Descartes must have made a sudden movement because, suddenly, the entire bookshelf came crashing down with a loud clatter.

Well, actually, it was the alarm clock urging me to start the morning.

When I entered the bathroom to freshen up, I saw my reflection in the mirror. Symmetrical, as always, faithfully mirroring my gestures. But I knew full well that it wasn’t ME.

Then, while shaving, I started thinking about the difficulties and challenges I would face throughout the day. But I remembered the backpack and thought to myself:

"I have worries, I have fears, but I am NOT my fears; I am NOT my worries."

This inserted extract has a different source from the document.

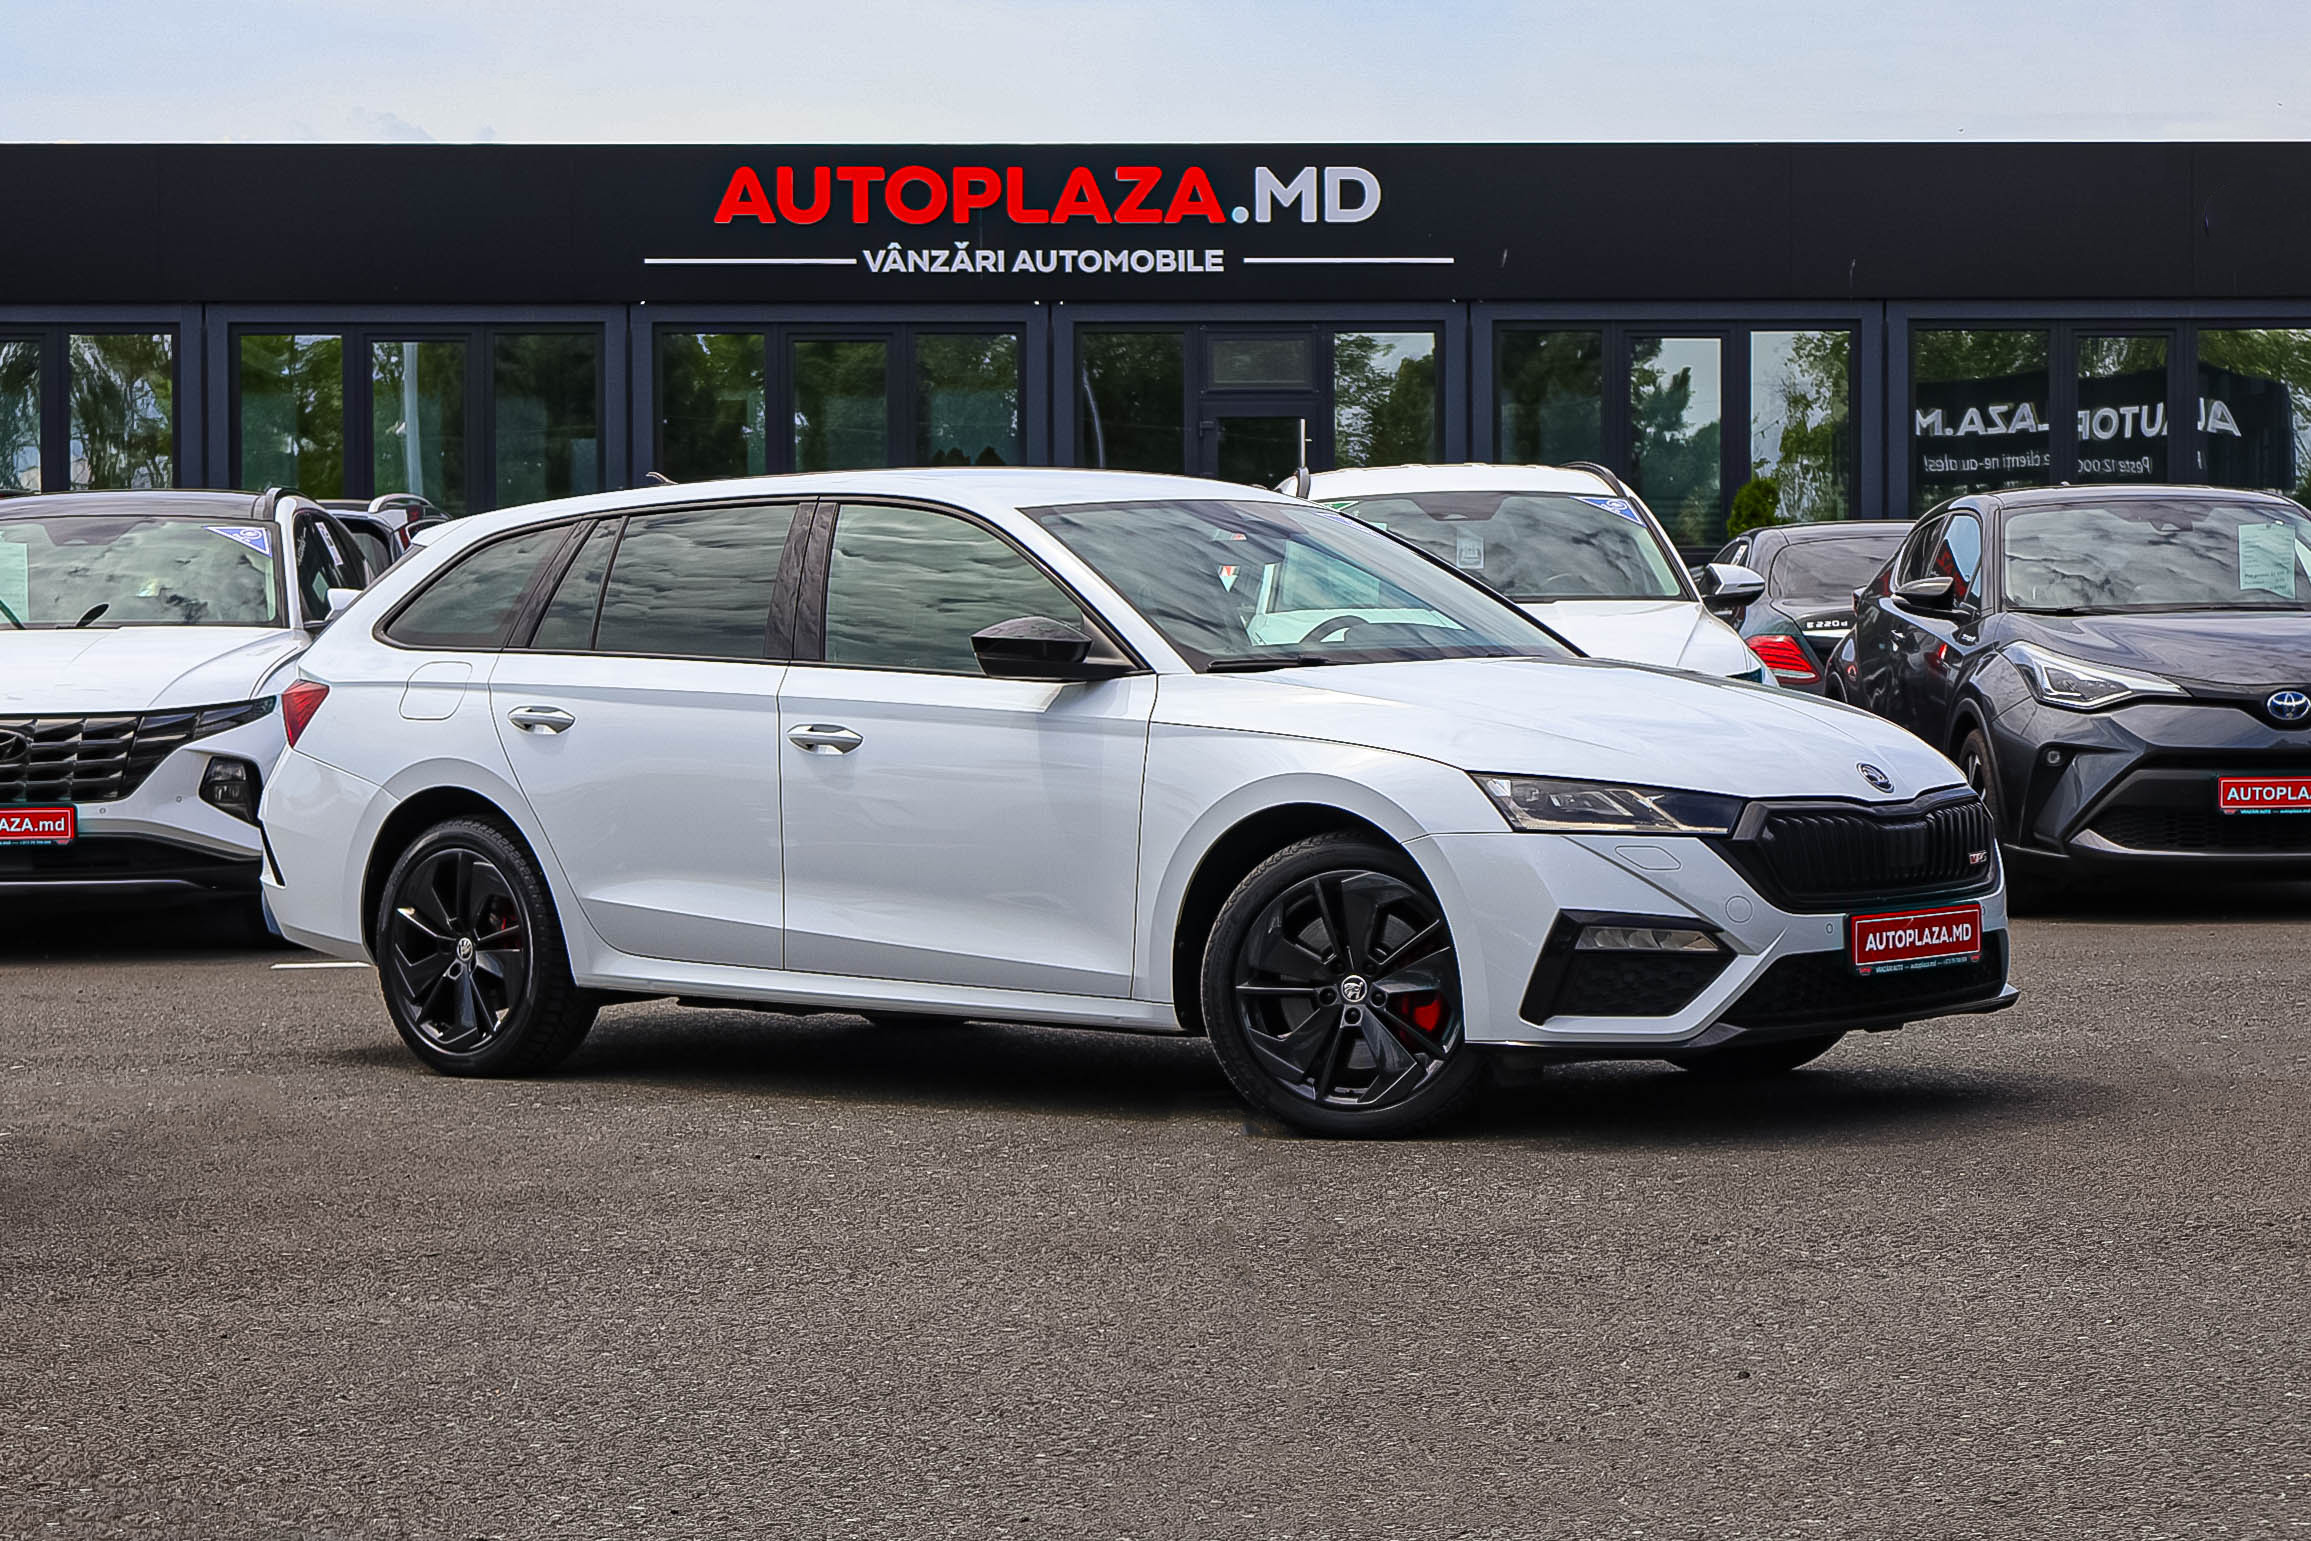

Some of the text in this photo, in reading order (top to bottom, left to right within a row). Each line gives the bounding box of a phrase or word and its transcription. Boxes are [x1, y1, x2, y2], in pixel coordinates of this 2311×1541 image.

[713, 165, 1382, 225] AUTOPLAZA.MD
[862, 240, 1225, 274] VÂNZĂRI AUTOMOBILE
[2226, 785, 2311, 801] AUTOPLA
[1864, 922, 1973, 952] AUTOPLAZA.MD

Then, it occurred to me to imagine what new model of SELF I would like to choose for the day.

I could choose from infinite possibilities. And yes, it was a bit daunting, but I was thrilled to begin the exploration.

After all, it was the only important thing I had to do on the journey of life: retrace wrong paths and set out on more direct routes toward completing the work.

And my work—the meaning of my life—would be the way to bring my true SELF to reality.

So, I finished getting ready, thought about it for a moment... and took the first step.

... ... ... ... ... ... ... ... ... ... ... ... ... ... ... ... ... ... ... ... ... ... ... ... ... ...

Dear reader, I wish you a Happy New Year and a prosperous FIRST STEP.